Currently, most lenders only share negative information such as credit applications, defaults, overdue payments, bankruptcy and court judgments. Under the new system, they will also have to share positive information, such as when you made all your repayments on time.
"The introduction of mandatory positive information means a history of making regular payments, repaying a loan early or closing unused accounts, can help a borrower demonstrate their creditworthiness and ultimately be rewarded with a better deal from lenders," said Daniel Foggo, chief executive of peer-to-peer lender RateSetter.
Technically CCR has been around since 2014, but with the Big Four largely refusing to take part, Treasurer Scott Morrison was forced to step in to make CCR mandatory from July 1, 2018.
Mr Foggo said the new laws would likely result in most borrowers seeing their credit scores increase as a result of the extra information shared by financial institutions with the three credit reporting agencies, Dun & Bradstreet, Veda and Experian.
Most credit scores sit between 300 and 750, and a higher score is better. It gives you more leverage to negotiate a better deal from banks, telcos, insurance companies and utilities. Consumers with a low score may find it harder to obtain credit, or they may be charged a higher interest rate.
"Following the rollout of comprehensive data, we would expect that most people will actually see their credit score increase," Mr Foggo said.
"Currently credit files are paper thin, and this means that scores generally inflate risk because there's not much information to use. If we use early anecdotal evidence here in Australia and experience of lenders in the UK as an indication, we could expect most people to increase their credit score."

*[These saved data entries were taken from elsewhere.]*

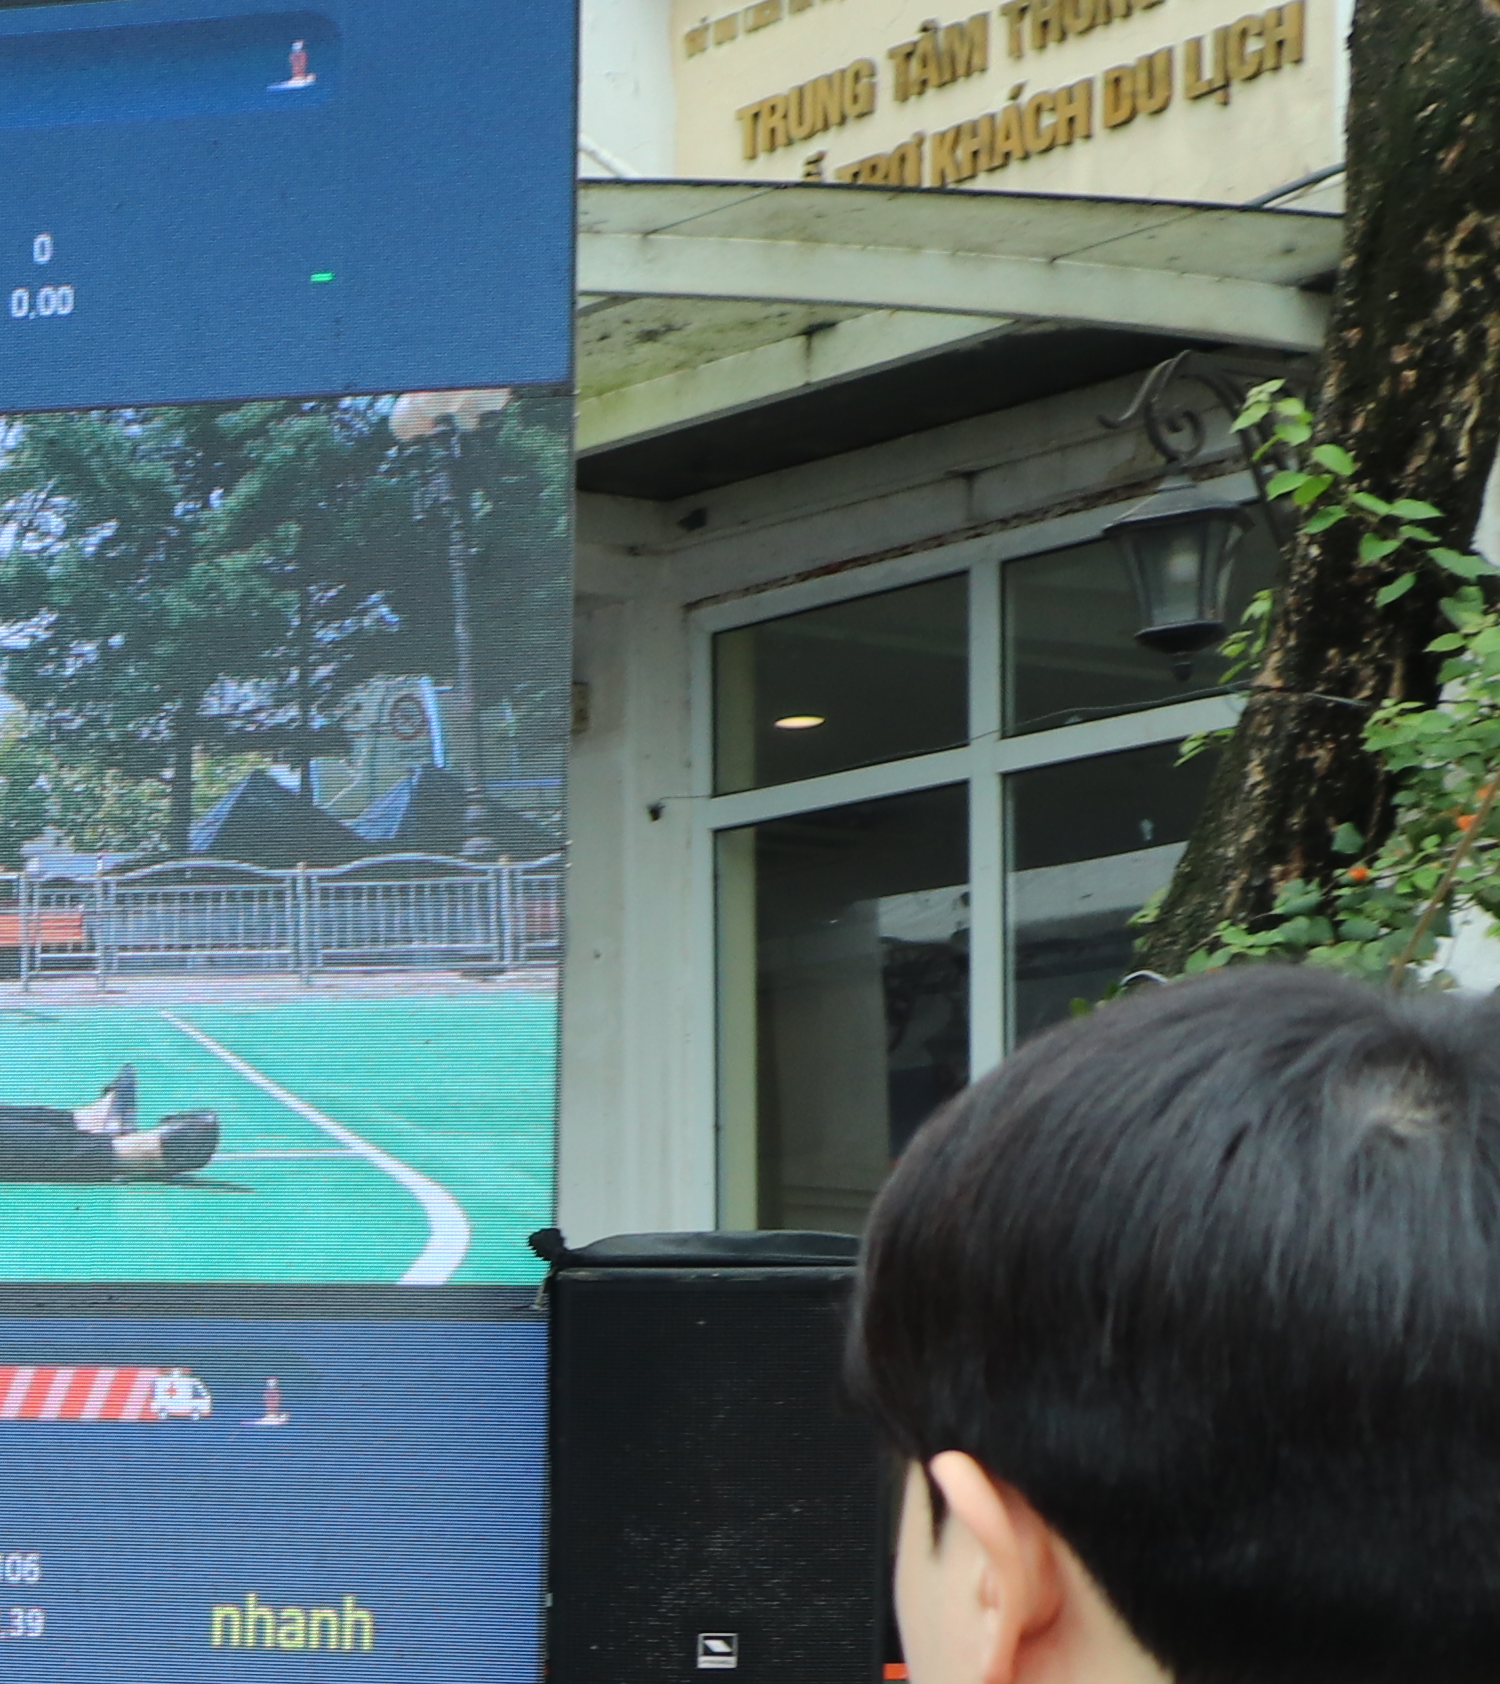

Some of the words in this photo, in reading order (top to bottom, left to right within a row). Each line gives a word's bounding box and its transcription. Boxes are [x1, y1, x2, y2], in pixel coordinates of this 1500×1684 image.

[736, 56, 877, 161] TRUNG
[888, 17, 990, 102] TÂM
[930, 79, 1095, 188] KHÁCH
[1103, 45, 1175, 129] DU
[1183, 1, 1306, 107] LỊCH
[32, 233, 53, 265] 0
[211, 1591, 375, 1652] nhanh

The lender, which has already implemented CCR, estimates that the difference between a credit score of 500 and 800 could be as much as 5 per cent a year on an unsecured loan.

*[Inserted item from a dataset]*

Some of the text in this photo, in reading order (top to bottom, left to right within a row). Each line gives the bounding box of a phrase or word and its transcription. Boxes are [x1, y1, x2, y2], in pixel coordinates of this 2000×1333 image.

Sydney woman Gaynor McTaggert, 31, said she saved around $2500 on a car loan because she managed to get a lower interest rate due to her clean history. "I initially took out a $10,000 personal loan and was able to pay it off fairly quickly," she said.
"Then I took out another $15,000 personal loan to buy a car, and the interest rate was extremely low due to the fact that I had a proven credit history. I was able to take a larger loan and pay it off over a shorter period."

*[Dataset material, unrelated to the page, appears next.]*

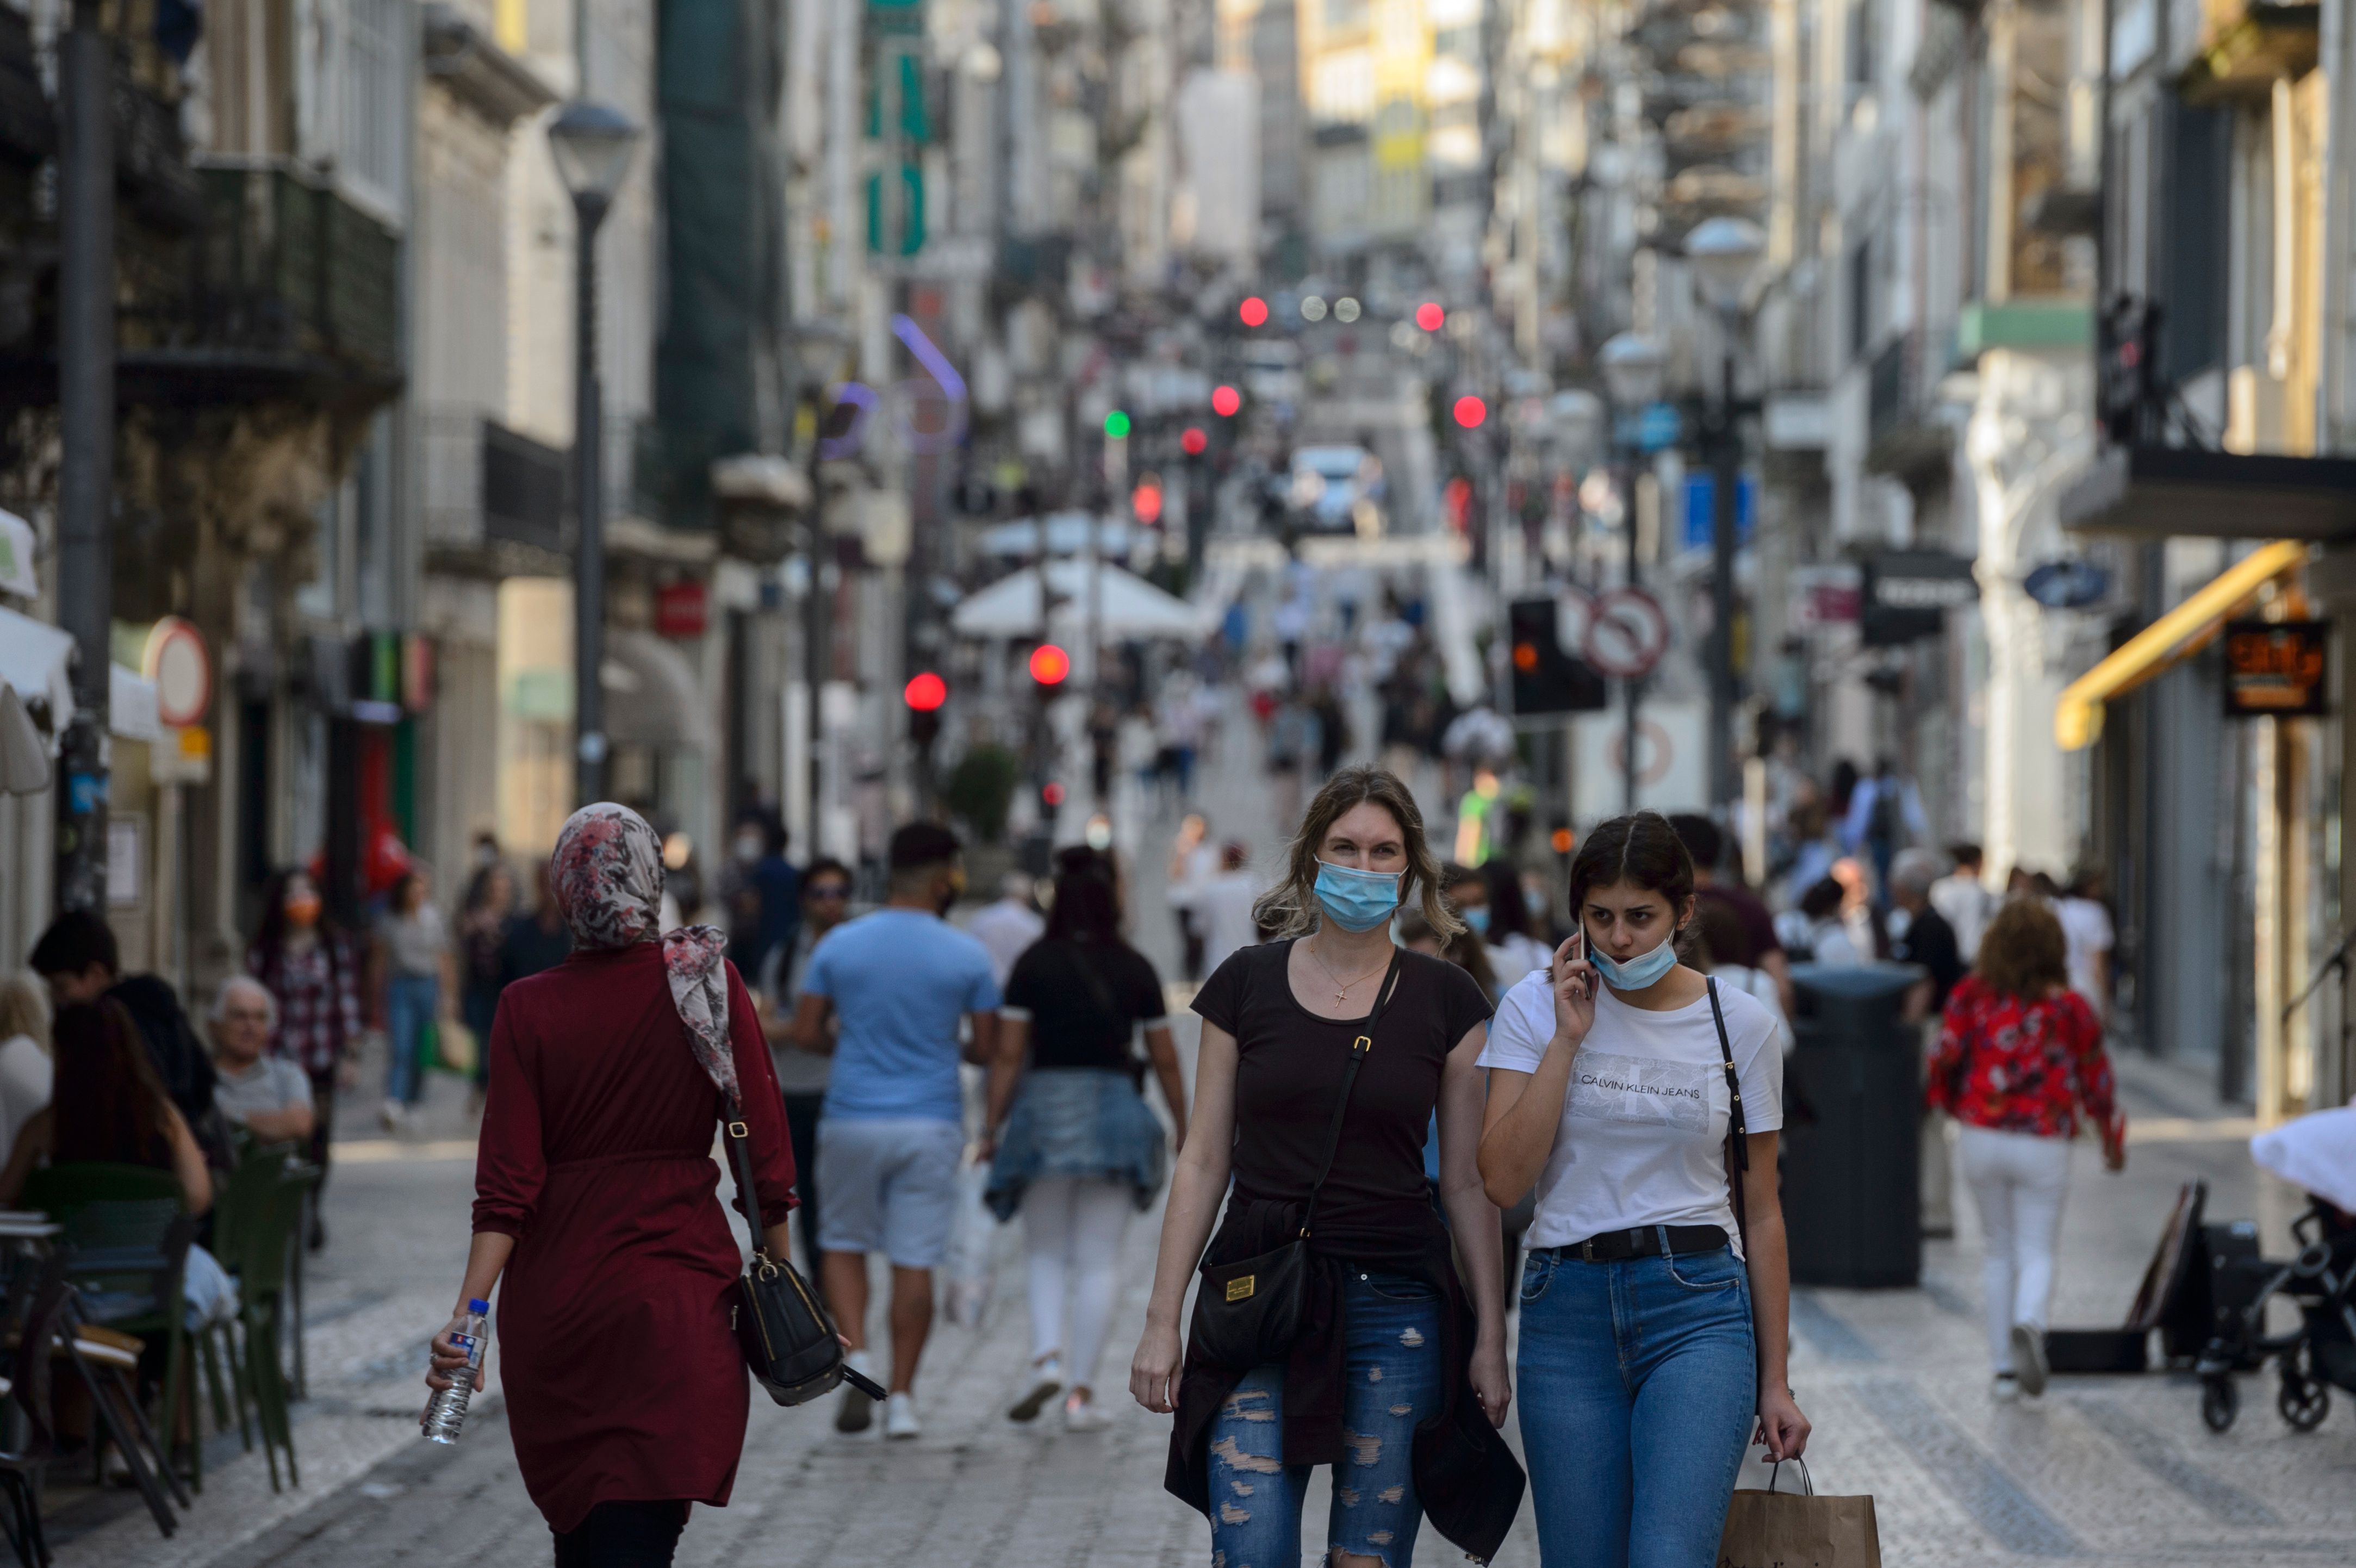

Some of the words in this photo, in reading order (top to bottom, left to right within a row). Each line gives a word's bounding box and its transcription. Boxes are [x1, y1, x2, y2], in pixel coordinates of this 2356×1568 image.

[1581, 1074, 1624, 1090] CALVIN
[1626, 1084, 1659, 1095] KLEIN
[1662, 1087, 1700, 1099] JEANS

The most important thing people can do to make the most of the CCR system is to pay their bills on time. But according to research commissioned by RateSetter, two thirds of people are unaware of the coming changes.
Awareness was significantly lower among women, with only 25 per cent aware of the changes compared with 40 per cent of men.
The 30 per cent of people who were aware of the changes, however, said it would positively change the way they managed their finances and they would be more likely to pay bills on time and repay loans promptly.
Ms McTaggert said she wasn't aware of the benefits of positive credit reporting until she applied for her current loan. "People generally aren't aware [that they can] get access to lower rates," she said.
"I think it's a really positive initiative which will ensure banks' accountability and it will reward those with good credit ratings with more options and lower rates."
Mr Foggo said CCR had the potential to significantly increase competition in the market and meant a better deal for consumers on loans. He said RateSetter had been "eagerly waiting for the banks to share their data so we can reward borrowers who have already proven they can manage their finances".
Not everyone is happy about the changes, however, with consumer advocates warning the risk of Australians' data falling into the wrong hands will increase.
The Consumer Action Law Centre pointed to the embarrassing revelation that Commonwealth Bank lost the personal financial histories of 20 million customers stored on tape drives.
"Credit reporting is already a mess of bad data, confusing processes and poor oversight," Consumer Action chief executive Gerard Brody said last month.
"We're about to see a major expansion in the collection and sharing of data that will have serious impacts on people's lives.
"More time is needed before we can be confident in the growth of data sharing by big banks. Regulators need to be better resourced, and have the power to ensure accountability.
"Robust systems must be in place to ensure people are not disadvantaged by data sharing. Treasurer Scott Morrison has the power to stop the data disaster and make sure banks get it right."